Experimentation with build time and runtime class initialization in qbicc
Christian Wimmer
christian.wimmer at oracle.com
Sat May 28 17:15:23 UTC 2022
Certainly everything comes with a tradeoff.
But I would argue that the cost of the current workaround to influence
static field initializations - make a separate static inner class for a
static field that should be initialized separately - is even higher
because it requires a full class data structure just to hold a single
field. Even in the JDK, the number of inner classes named "Lazy" is
growing. A more fine-grained initialization of fields within a class can
help to reduce such overhead.
-Christian
On 5/28/22 09:58, Brian Goetz wrote:
> I too agree that the "soupy" nature of <clinit> makes
> reverse-engineering difficult, and that this alternate translation
> would make things easier for an after-the-fact analysis tool that is
> trying to reason about what computations could be safely shifted in time.
>
> But, keep in mind that it's not a free lunch. To point out the
> obvious tradeoff: this turns into a startup hit for every dynamically
> executed Java program (larger classfiles, more bytecodes, more
> methods). This is a tradeoff we would have to consider carefully,
> since making Java startup slower in general is not a cost we should
> take on lightly, especially given the charter of this project. So,
> something for the "could consider" list, but not a slam-dunk.
>
>
>
>
>
> On 5/28/2022 12:39 PM, Christian Wimmer wrote:
>> Hi,
>>
>> I agree with the "soupy nature" of <clinit> methods mentioned below.
>> This makes it impossible in general to reverse-engineer which parts
>> of <clinit> initialize which static field.

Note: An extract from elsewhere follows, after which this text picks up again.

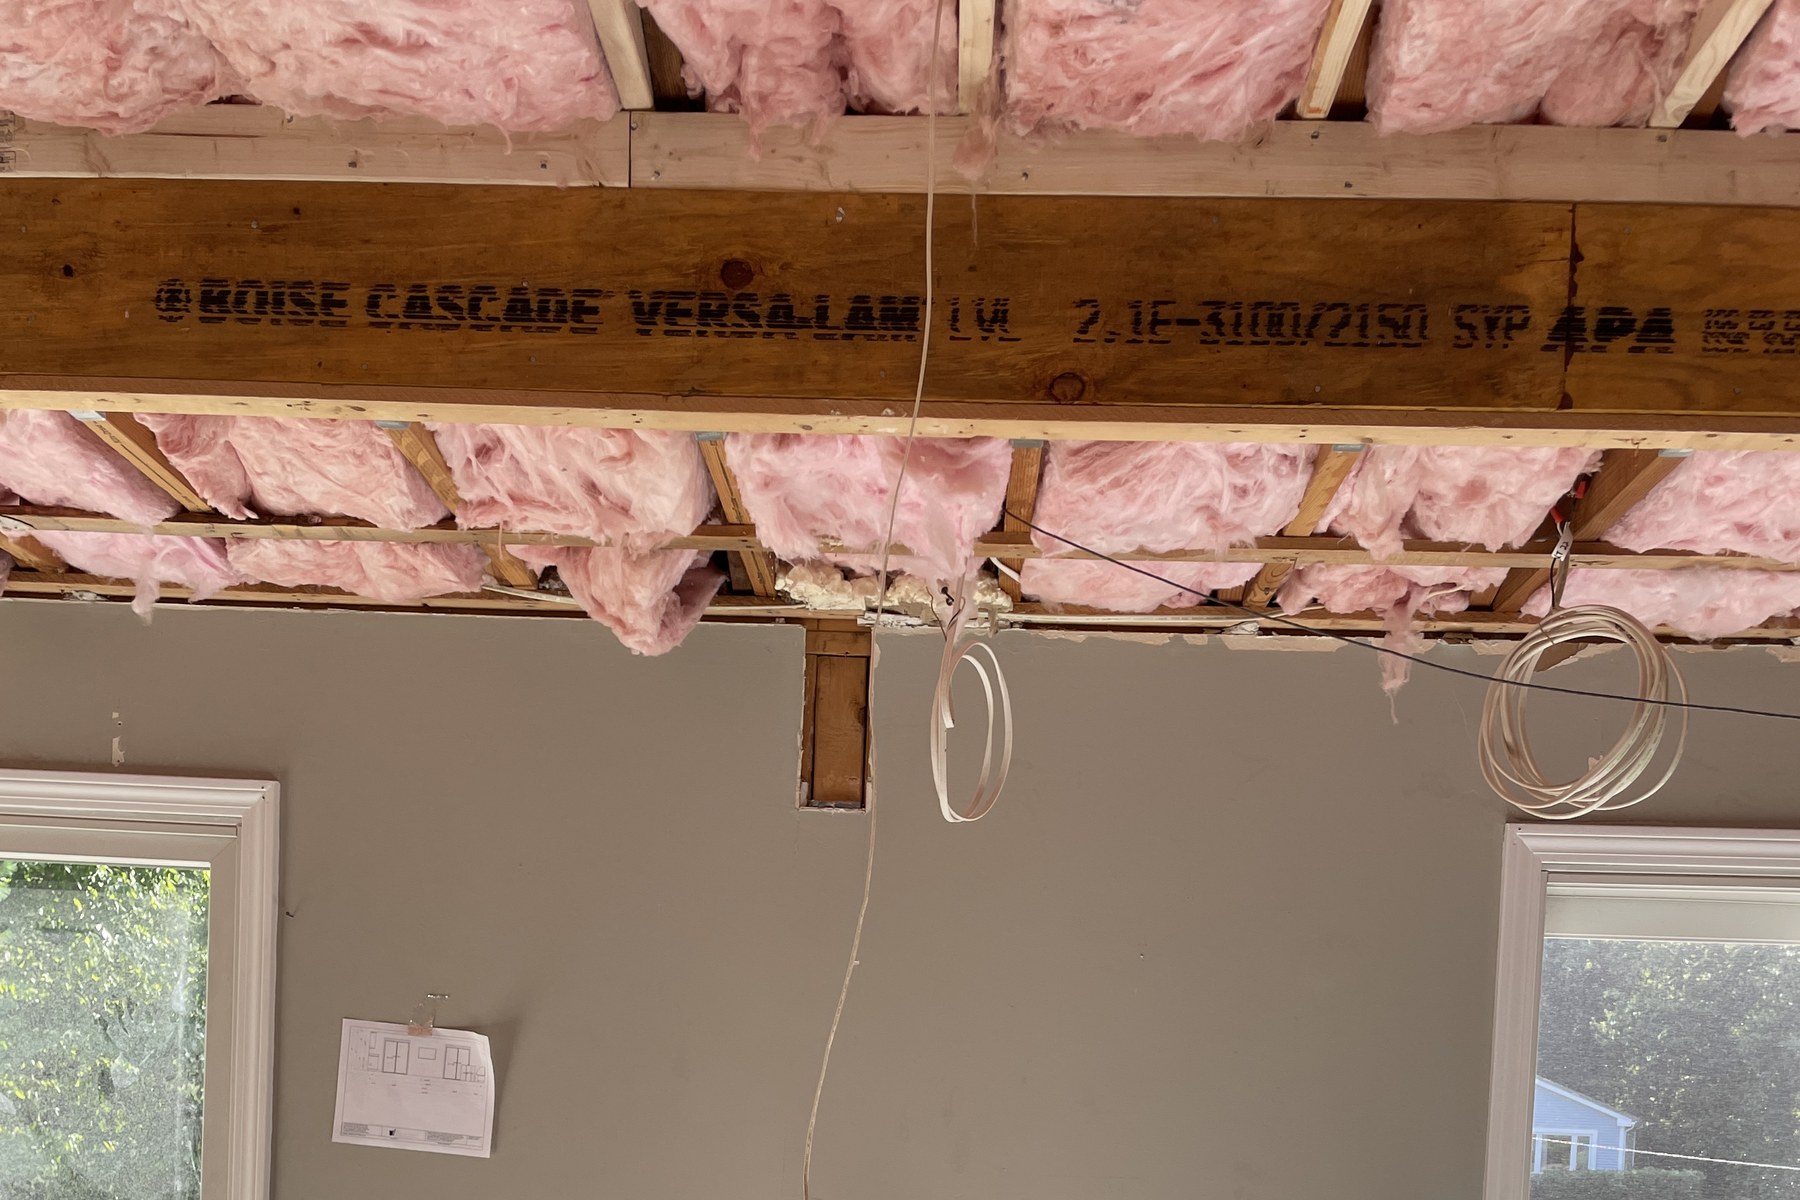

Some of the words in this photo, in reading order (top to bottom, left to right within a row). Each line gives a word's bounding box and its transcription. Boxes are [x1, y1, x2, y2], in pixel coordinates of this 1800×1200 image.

[199, 278, 352, 327] BOISE
[365, 283, 604, 334] CASCADE
[1540, 306, 1677, 355] APA

One suggestion how that
>> could be improved: Instead of emitting a single <clinit> method,
>> javac can emit separate <clinit_XXX> methods for each static field
>> that is initialized inline as part of the field declaration, as well
>> as each static{} block. With a consistent naming scheme of these
>> methods, it would be much easier to run some initializations at build
>> time and some at run time. For compatibility, the <clinit> method
>> could be a chain of invocations of the <clinit_XXX> methods (or maybe
>> <clinit> itself is no longer necessary at all).
>>
>> So for example a class
>>
>> class MyClass {
>> static Object o1 = "abc";
>> static {
>> foo();
>> }
>> static Object o2 = 42;
>> }
>>
>> the Java compiler would create the methods (written here with
>> disassembled bytecode)
>>
>> <clinit_o1>() {
>> o1 = "abc"
>> }
>> <clinit_$0>() {
>> foo();
>> }
>> <clinit_o2>() {
>> o2 = 42;
>> }
>> <clinit>() {
>> <clinit_o1>();
>> <clinit_$0>();
>> <clinit_o2>();
>> }
>>
>> Why such a scheme? It is much easier to prove here that the field o2
>> can be initialized at build time regardless of what foo() is doing,
>> and then remove the run-time initialization of o2 by replacing
>> <clinit_o2> with an empty method. All of that can be done without
>> analyzing and modifying the bytecode soup of the current <clinit>
>> method.
>>
>> -Christian
>>
>>
>> On 5/27/22 08:35, Dan Heidinga wrote:
>>> On Thu, May 26, 2022 at 9:01 PM Brian Goetz <brian.goetz at oracle.com>
>>> wrote:
>>>> Thanks for providing this.
>>>>
>>>> Something about the qbicc approach here doesn't seem to add up to me.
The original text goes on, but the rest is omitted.